TASK PROMPT:
Once the pictures are set aside, copy everything else in the records exactly.

------------------------------------------------------------------------

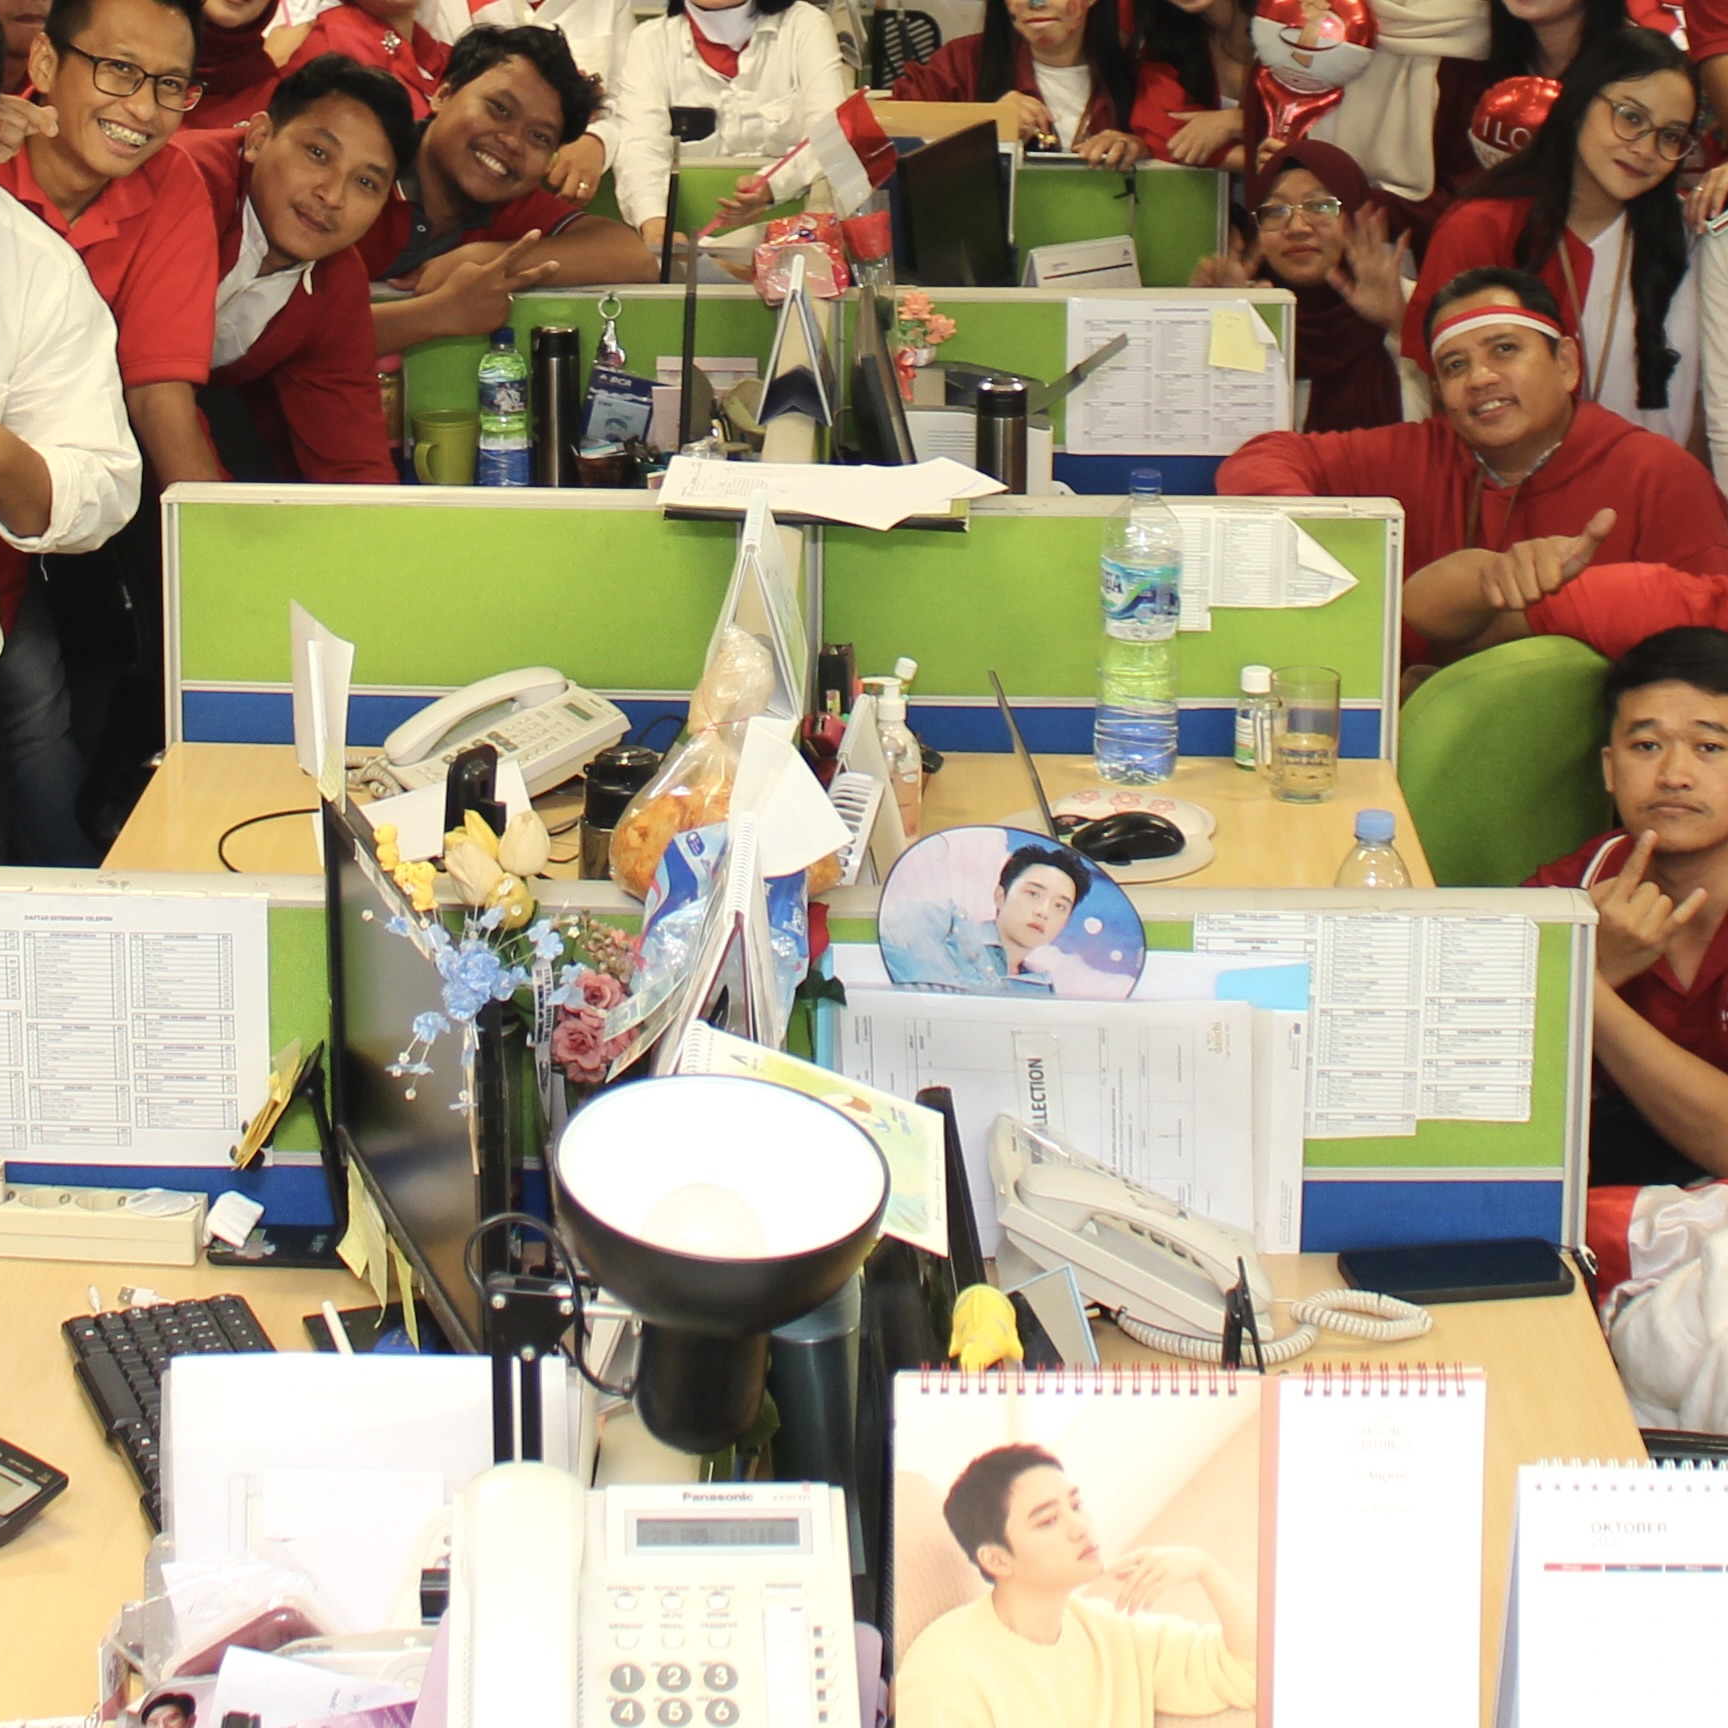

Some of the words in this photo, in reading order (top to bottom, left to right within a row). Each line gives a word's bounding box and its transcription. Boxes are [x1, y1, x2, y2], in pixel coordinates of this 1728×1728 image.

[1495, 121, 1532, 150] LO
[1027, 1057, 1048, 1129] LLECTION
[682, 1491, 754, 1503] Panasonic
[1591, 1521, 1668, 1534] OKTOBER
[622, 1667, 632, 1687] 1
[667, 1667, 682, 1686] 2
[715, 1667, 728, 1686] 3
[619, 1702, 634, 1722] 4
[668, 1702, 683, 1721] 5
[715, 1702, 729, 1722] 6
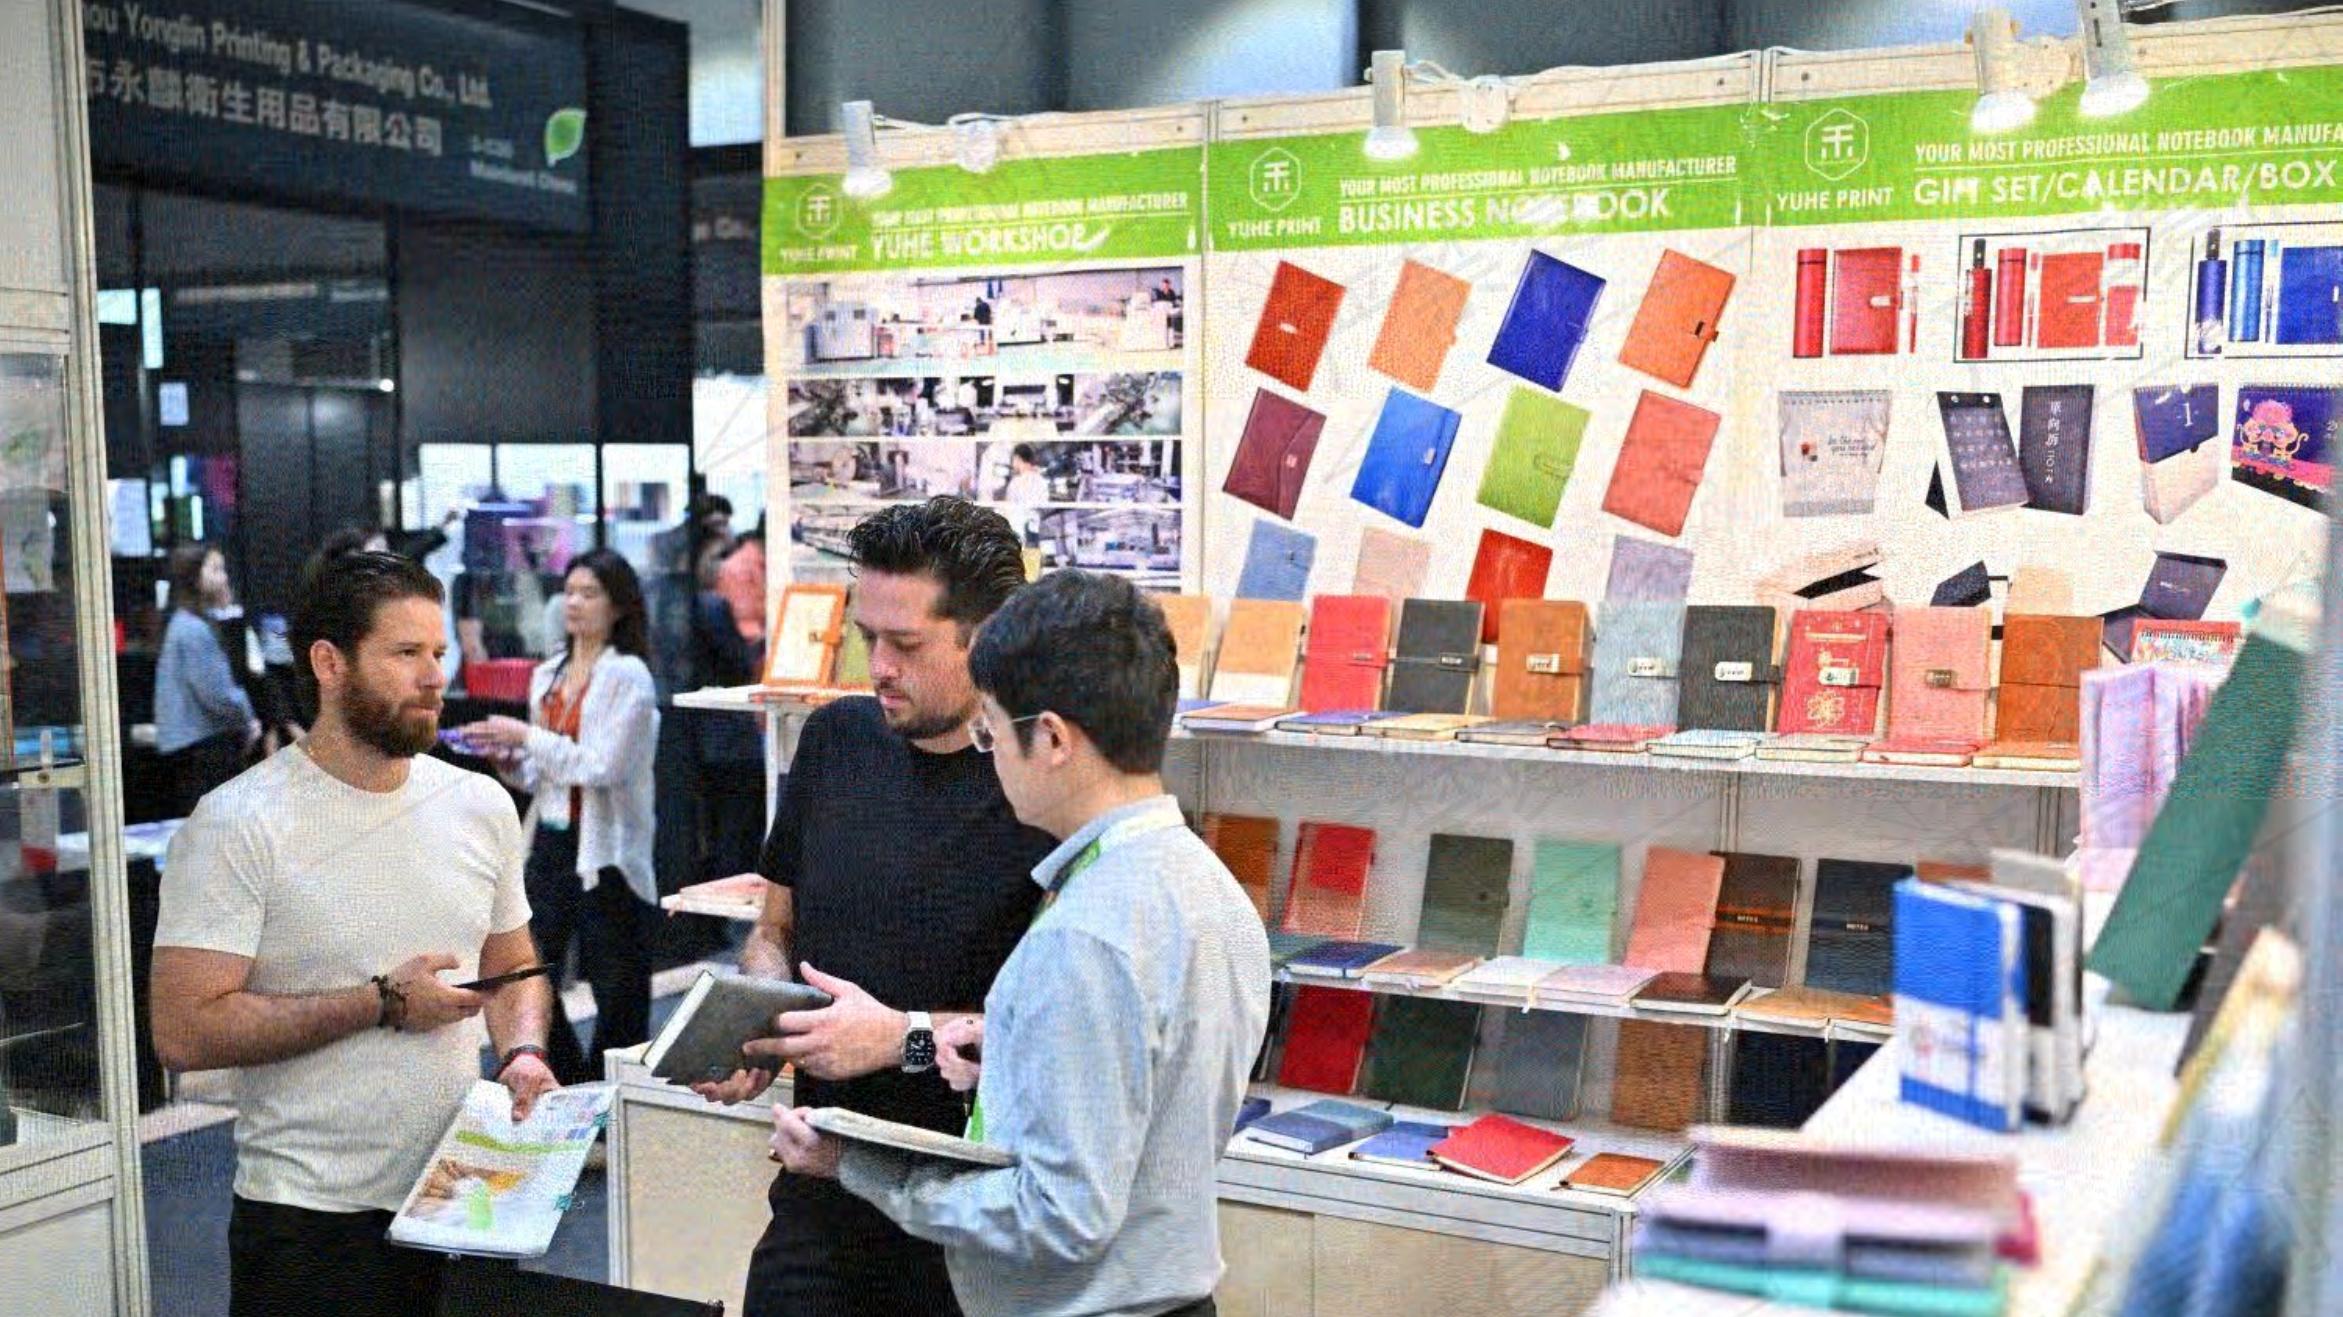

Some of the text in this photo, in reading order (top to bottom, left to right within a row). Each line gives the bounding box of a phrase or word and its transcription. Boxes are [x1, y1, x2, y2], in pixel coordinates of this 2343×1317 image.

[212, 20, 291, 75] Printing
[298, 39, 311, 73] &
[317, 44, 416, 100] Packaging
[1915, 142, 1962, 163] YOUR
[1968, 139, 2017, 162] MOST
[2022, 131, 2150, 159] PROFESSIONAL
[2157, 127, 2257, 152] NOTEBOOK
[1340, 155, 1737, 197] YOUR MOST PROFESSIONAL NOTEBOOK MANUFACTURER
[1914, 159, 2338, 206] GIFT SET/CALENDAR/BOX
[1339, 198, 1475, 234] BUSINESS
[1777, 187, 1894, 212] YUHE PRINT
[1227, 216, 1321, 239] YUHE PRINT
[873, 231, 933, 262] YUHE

------------------------------------------------------------------------

TASK OUTPUT:
Some of the words in this photo, in reading order (top to bottom, left to right within a row). Each line gives a word's bounding box and its transcription. Boxes are [x1, y1, x2, y2], in pixel coordinates of this 1728×1728 image.

[1495, 121, 1532, 150] LO
[1027, 1057, 1048, 1129] LLECTION
[682, 1491, 754, 1503] Panasonic
[1591, 1521, 1668, 1534] OKTOBER
[622, 1667, 632, 1687] 1
[667, 1667, 682, 1686] 2
[715, 1667, 728, 1686] 3
[619, 1702, 634, 1722] 4
[668, 1702, 683, 1721] 5
[715, 1702, 729, 1722] 6

Some of the text in this photo, in reading order (top to bottom, left to right within a row). Each line gives the bounding box of a phrase or word and its transcription. Boxes are [x1, y1, x2, y2], in pixel coordinates of this 2343×1317 image.

[212, 20, 291, 75] Printing
[298, 39, 311, 73] &
[317, 44, 416, 100] Packaging
[1915, 142, 1962, 163] YOUR
[1968, 139, 2017, 162] MOST
[2022, 131, 2150, 159] PROFESSIONAL
[2157, 127, 2257, 152] NOTEBOOK
[1340, 155, 1737, 197] YOUR MOST PROFESSIONAL NOTEBOOK MANUFACTURER
[1914, 159, 2338, 206] GIFT SET/CALENDAR/BOX
[1339, 198, 1475, 234] BUSINESS
[1777, 187, 1894, 212] YUHE PRINT
[1227, 216, 1321, 239] YUHE PRINT
[873, 231, 933, 262] YUHE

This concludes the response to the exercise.